Children are not eligible for this pension if they were
placed in your home in foster care and you are receiving
amounts for them.
The pension for a disabled person’s child is paid on a
priority basis to the disabled person who provides for the
children’s needs. Otherwise, the pension is paid to the person
responsible for the children. Regardless of who is receiving
the pension for a disabled person’s child, it does not reduce
the amount of the disability pension.
The pension for a disabled person’s child is paid monthly.
Payment ends when the child turns 18 or the disability pension
stops being paid. The person receiving the pension must notify
the Régie if he or she is no longer responsible for the children.
Impact on other benefits
If you are already receiving a surviving spouse’s pension under
the Québec Pension Plan, that pension could be reduced
once a disability pension becomes payable. Please note that
you cannot receive disability benefits under the Plan if you
are already receiving disability benefits under the Canada
Pension Plan.
The Régie’s criteria for determining if a person is disabled
are not the same as those of the Commission de la santé et
de la sécurité du travail (CSST), the Société de l’assurance
automobile du Québec (SAAQ) or the Ministère de l’Emploi
et de la Solidarité sociale. The criteria used by insurance
companies may also differ from those of the Régie.
If you receive or expect to receive benefits from other public or
private sources, you should find out from those other sources
whether or not receiving disability benefits under the Québec
Pension Plan would cause such benefits to be reduced.
1
Children for whom an orphan’s pension or a pension for a disabled person’s
child is already being paid under the Québec Pension Plan or the Canada
Pension Plan are not entitled to a second pension.
A pension for a disabled person’s child is not payable where a beneficiary
of a retirement pension is receiving an additional amount for disability.
Continued on other side
B-071-1A (14-01)
How to apply
Fill out the form and return it to the Régie immediately. Do not
wait for the Medical Report. The date the Régie receives
your application may affect the date you begin receiving
your benefits, since the maximum retroactivity possible
is 12months from the date we receive the application, even
if you were disabled before that time.
You must have the Medical Report completed by your
physician. Be sure to ask him or her to send it back to the
Régie as soon as possible. Your physician may charge you
a fee for filling out the Medical Report. You are responsible
for paying that fee.
Work outside Canada
If you participated in a social security plan in another country,
you could be entitled to a pension under that plan. Benefits
paid under the Québec Pension Plan are not reduced if you
are receiving a pension from another country.
Instructions – Application for Disability
Benefits
1. Answer all the questions on the Application for Disability
Benefits and sign it.
2. Fill out and sign the Consent Regarding the Release
of Medical, Psychosocial and Administrative
Information.
3. Include a copy of all medical reports and test results that
you have in your possession that concern your disability.

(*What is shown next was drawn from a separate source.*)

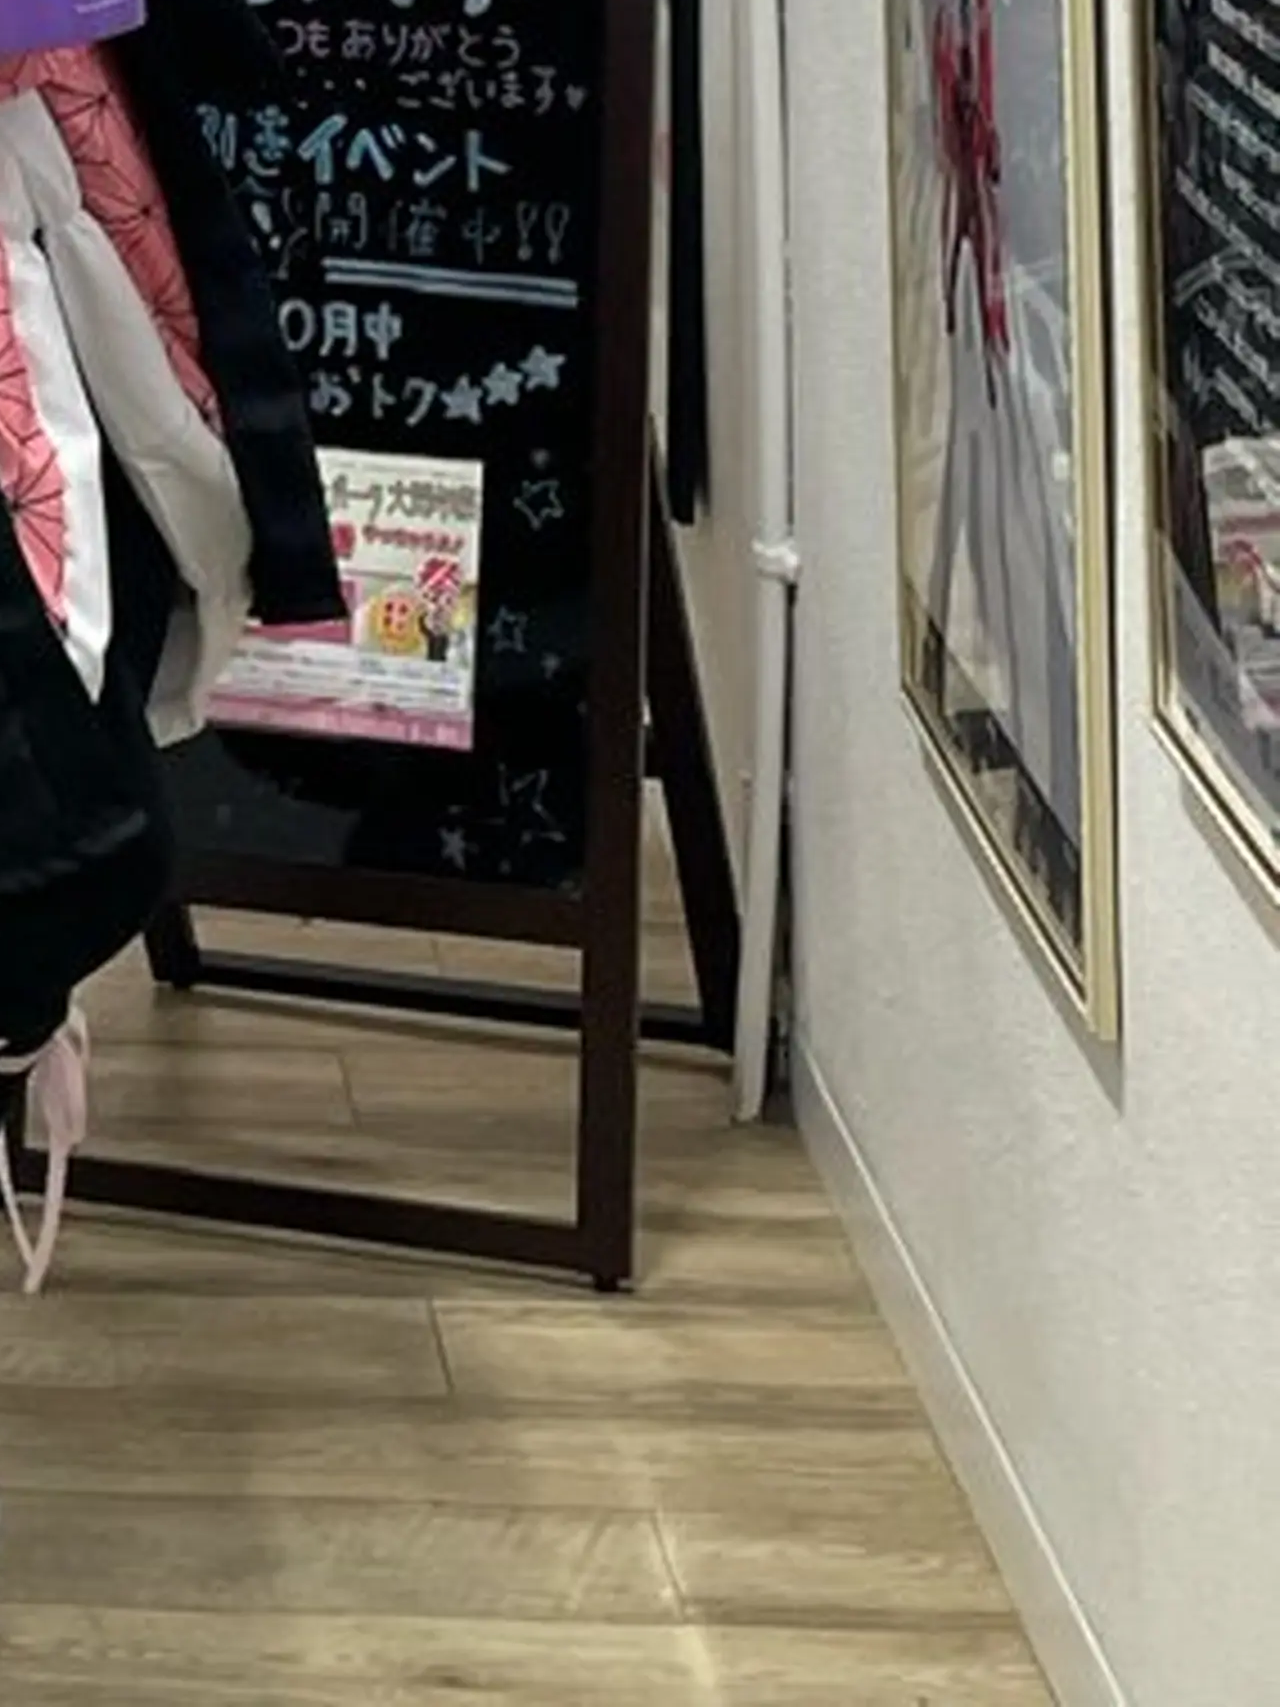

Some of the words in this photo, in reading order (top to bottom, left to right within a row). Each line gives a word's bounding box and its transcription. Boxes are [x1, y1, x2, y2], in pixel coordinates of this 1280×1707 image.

(Do not send X-ray films.)
4. Be sure to use sufficient postage, and mail it to the
following address as soon as possible:
Régie des rentes du Québec, Case postale 5200
Québec (Québec) G1K 7S9
Instructions – Medical Report form
1. You (the applicant) must fill out section 1 of the Medical
Report, Information about the applicant’s identity.
2. Have the other sections completed by your physician.
He or she will send the report directly to the Régie.
Access to documents held by public bodies
and the protection of personal information
The information requested on this form is needed in order
for the Régie to study your application. Failure to provide the
information may result in delays in processing the application
or in the application being rejected. Only authorized
employees at the Régie will have access to the information.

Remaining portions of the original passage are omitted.